Trump’s desire to muzzle federal employees with NDAs is nothing new. He tried to do the same thing back in 2018 when the White House asked certain senior staff members to sign overbroad NDAs that went far beyond their government service to include virtually all non-public information they learned while working in the White House. Constitutional scholars, whistleblower groups, and former government ethics officials shut down those censorial antics. Yet abject rejection does not stop the unmatched stamina for failure that personifies Trump. It fuels him.
Before dissecting Trump’s regurgitated NDA proposal, it bears emphasis at the outset that government employees work for the public, not the president. It’s also worth noting that the government already has numerous NDAs. One is literally called the “Classified Information Nondisclosure Agreement”. Additionally, the government possesses a boatload of other secrecy mechanisms, including Executive Orders, the classification system, various legal privileges, and the bludgeon of strict liability secrecy laws like the Espionage Act, which has been deployed against many of the whistleblowers I represent.
Trump’s Proposed Hush Agreement
Trump’s expansive NDA would apply to “non-public, confidential, or proprietary information, whether or not marked as such, which may include […] information relating to internal agency operations, personnel matters, personally identifiable information (PII), personal health information (PHI), procurements processes, or any sensitive, pre-decisional or deliberative material that is not currently publicly available…” (emphasis added). At first blush, this may not sound objectionable because of the dry bureaucratic buzz words and abbreviations. But upon closer examination, cracks emerge.
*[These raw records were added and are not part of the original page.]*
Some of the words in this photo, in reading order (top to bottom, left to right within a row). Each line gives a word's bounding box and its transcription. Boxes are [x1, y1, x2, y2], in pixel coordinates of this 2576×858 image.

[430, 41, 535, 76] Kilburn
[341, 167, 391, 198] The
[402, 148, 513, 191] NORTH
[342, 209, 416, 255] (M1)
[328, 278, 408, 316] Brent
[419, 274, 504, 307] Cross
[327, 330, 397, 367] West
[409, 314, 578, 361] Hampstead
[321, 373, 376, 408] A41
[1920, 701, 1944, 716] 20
First, the overwhelming majority of government information is “non-public.” As NSA whistleblowers I represent have explained, the government is drowning in data. The federal government’s own public data portal, Data.gov, contains hundreds of thousands of datasets, which is an infinitesimally small sliver of the emails, files, paperwork, records, contracts, and other information generated across the government. Non-public government information also includes an ocean of minutiae – from the cafeteria lunch menus to memos on preferred computer fonts to instructions for disposing of broken office furniture. Employees would have to worry about communicating about, basically, any and all of it.
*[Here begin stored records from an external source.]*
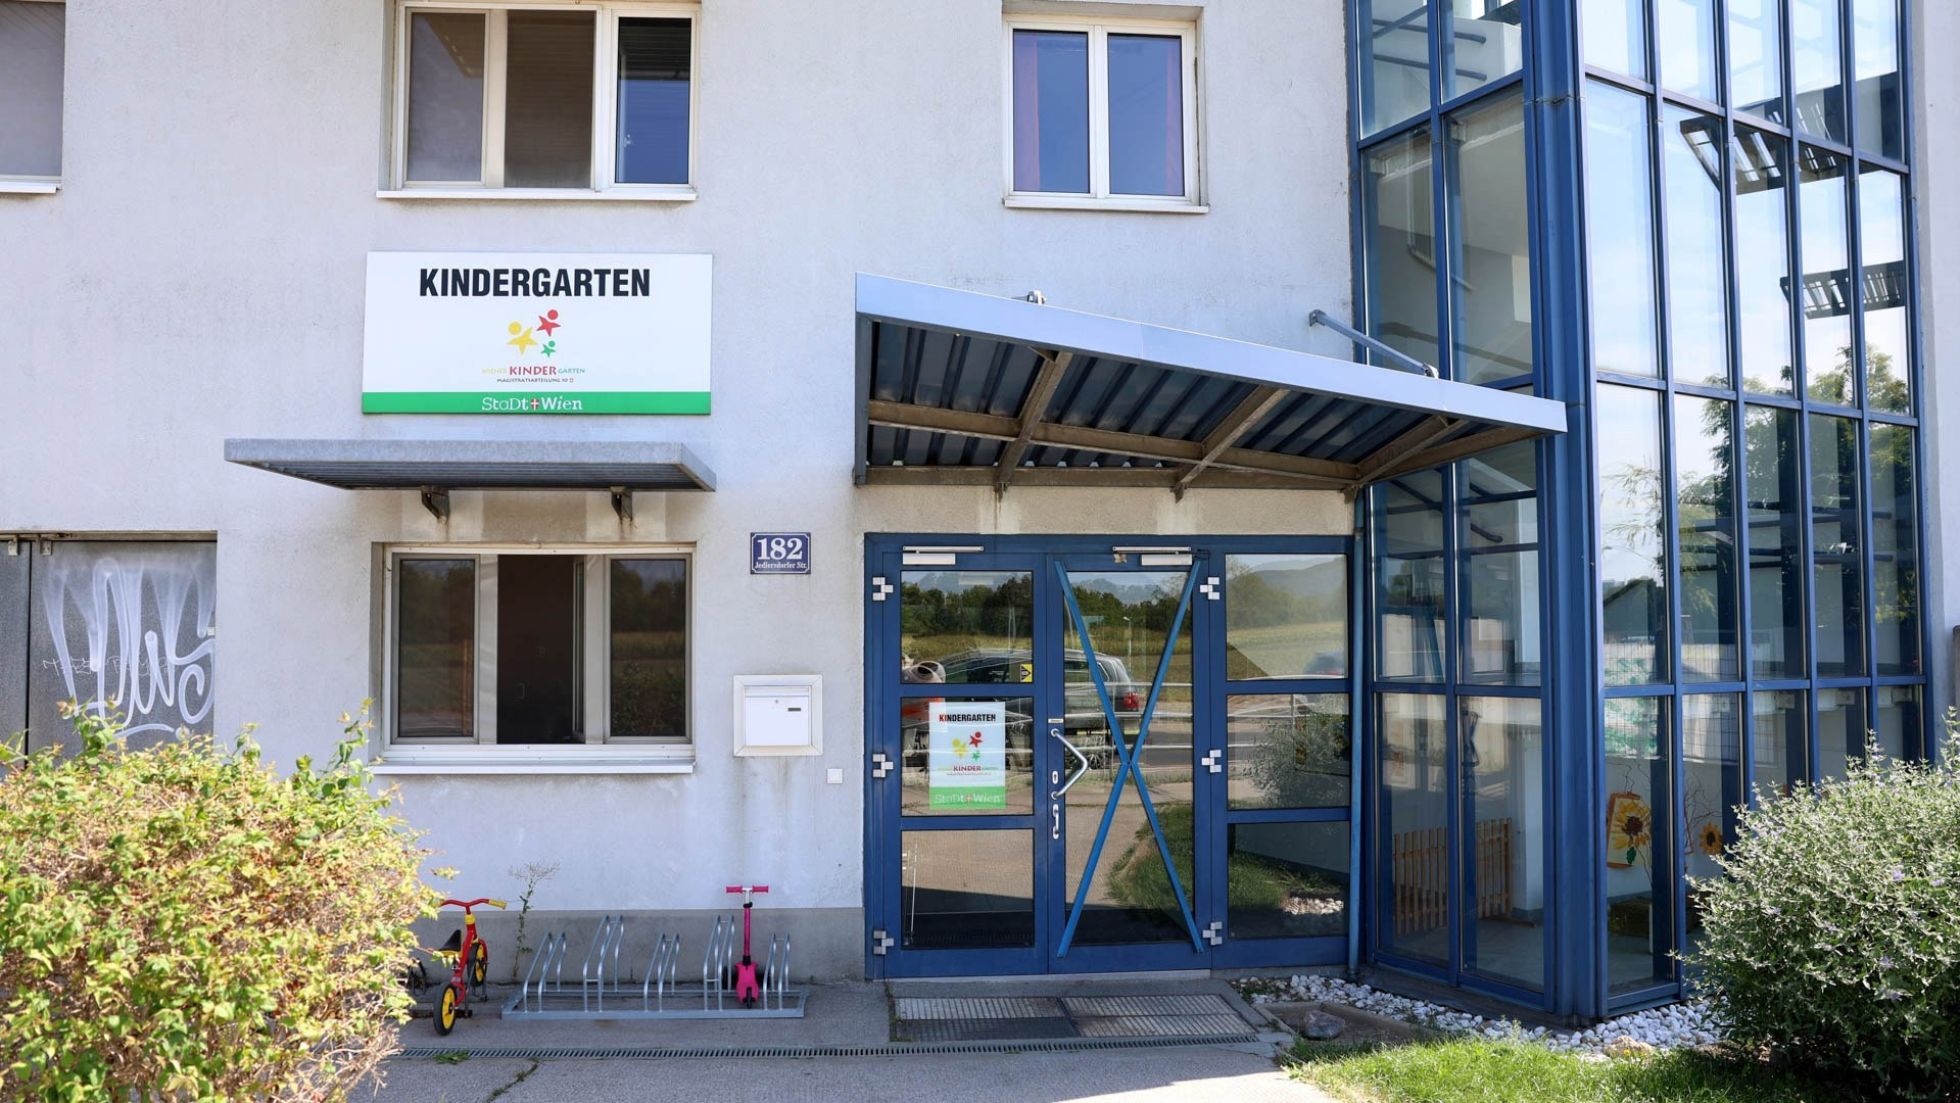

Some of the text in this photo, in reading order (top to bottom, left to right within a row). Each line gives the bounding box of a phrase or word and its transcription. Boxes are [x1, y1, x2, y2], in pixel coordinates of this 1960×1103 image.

[420, 268, 650, 297] KINDERGARTEN
[509, 366, 557, 376] KINDER
[541, 395, 583, 410] Wien
[757, 538, 802, 560] 182
[939, 714, 996, 722] KINDERGARTEN
Next, the “whether or not marked as such” language is truly frightening. Every single criminal leak case has centered on the alleged mishandling of classified information. How it is marked (or not) is critical. One of the most egregious prosecutions of a whistleblower – that of former NSA senior executive Thomas Drake – epically collapsed because the information he was accused of mishandling turned out not to have been classified. The government tried to make a “classified by inference” argument that, even though the information at issue was specifically marked unclassified, Drake should have known that it should have been classified. The court emphatically rejected the modal “should.” But the Trump administration now thinks employees should face fines and even criminal penalties for discussing even benign information.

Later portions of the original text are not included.